Keywords: Mobile Health Interventions, Mental Health, Data Science, Dialectical Behavioral Therapy
1. INTRODUCTION
Mental health disorders are a leading cause of disability and death worldwide, with approximately 18% of US adults experiencing a mental illness in a given year [39]. Evidence-based psychotherapy is often effective for treating mental health conditions [56], as it can help people develop positive coping mechanisms to better manage their conditions. Unfortunately, people generally struggle to engage with psychotherapy, preventing them from managing their mental health disorders [40]. Increasing engagement with psychotherapy is therefore a top priority [4, 11, 12, 29, 30].

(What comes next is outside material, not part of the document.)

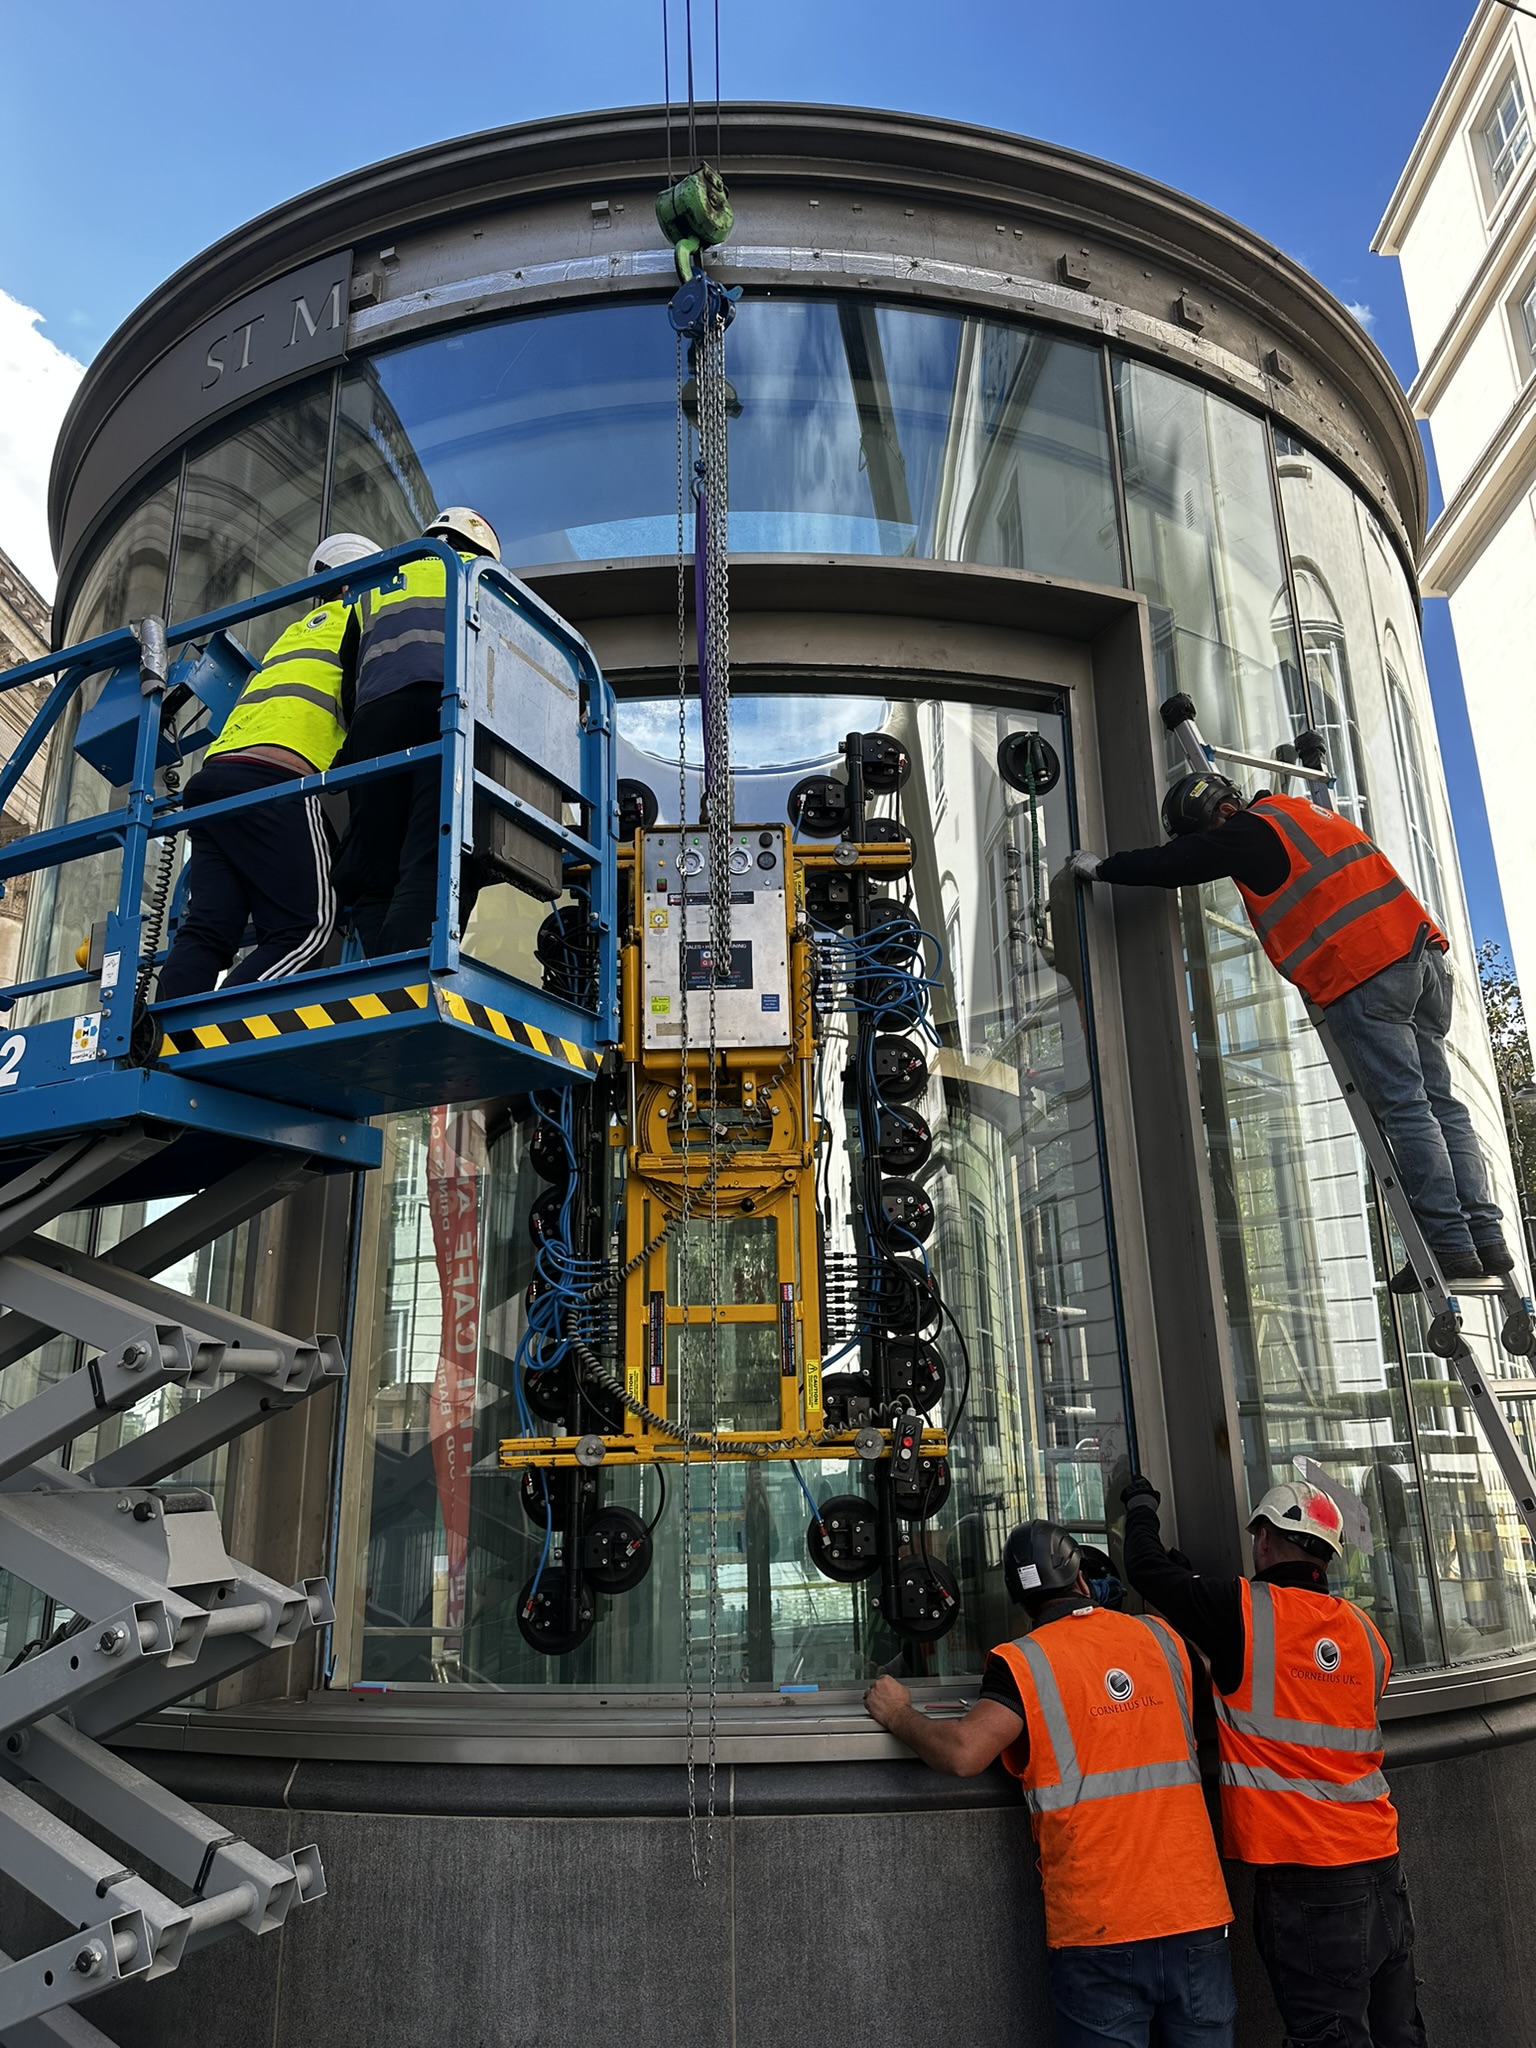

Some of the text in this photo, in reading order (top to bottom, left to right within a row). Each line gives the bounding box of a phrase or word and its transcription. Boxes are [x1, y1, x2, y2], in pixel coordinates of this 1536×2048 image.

Technology-delivered mental health interventions have the potential to reduce barriers and increase engagement in psychotherapy, as they can reduce the financial and time burdens associated with attending in-person therapies [13] and increase comfort in providing honest disclosure [14, 15, 27]. Unfortunately, despite high interest in technology-delivered mental health interventions [47], commercially-available mental health apps often fall short of expectations; only 10% of apps aimed at supporting therapies for depression meet evidence-based principles [19], and many people view current digital psychotherapies as ineffective [44]. These challenges suggest a need for improved understanding of how to effectively translate evidence-based psychotherapies into technology-delivered interventions.
In this paper, we present data-driven design implications for such translations based on our examination of how people use Pocket Skills (Figure 1), a mobile web app designed to provide holistic support for Dialectical Behavioral Therapy (DBT). DBT is a skills-based therapy designed to support people with complex, difficult-to-treat disorders in developing concrete skills to help them solve problems, maintain positive relationships, and navigate negative events and emotions [24, 25]. Although research has shown that DBT can help people successfully manage a wide range of disorders [10, 26, 36], it has generally been difficult or impossible to quantitatively analyze the effectiveness of particular skills in real-world contexts. The translation of evidence-based interventions into mobile apps—and the collection of usage data within those apps—provides new opportunities to conduct such analyses, informing designs that help ensure people receive the best possible support. Similarly, comparing the effectiveness of different skills for different subgroups of people (e.g., those with particular disorders, demographics, or other characteristics) could reveal individuals that may need additional support.
In this work, we therefore examined the effectiveness of individual DBT skills when translated into a mobile app, both overall and for different subgroups of people. The original month-long field study of Pocket Skills [51] collected: 1) survey data, including validated scales to assess progress, and 2) app usage data, including participant-reported skill effectiveness in terms of increasing mindfulness and reducing emotional distress. We analyzed this survey and usage data to investigate the following questions:
RQ1: When did study participants use the skills?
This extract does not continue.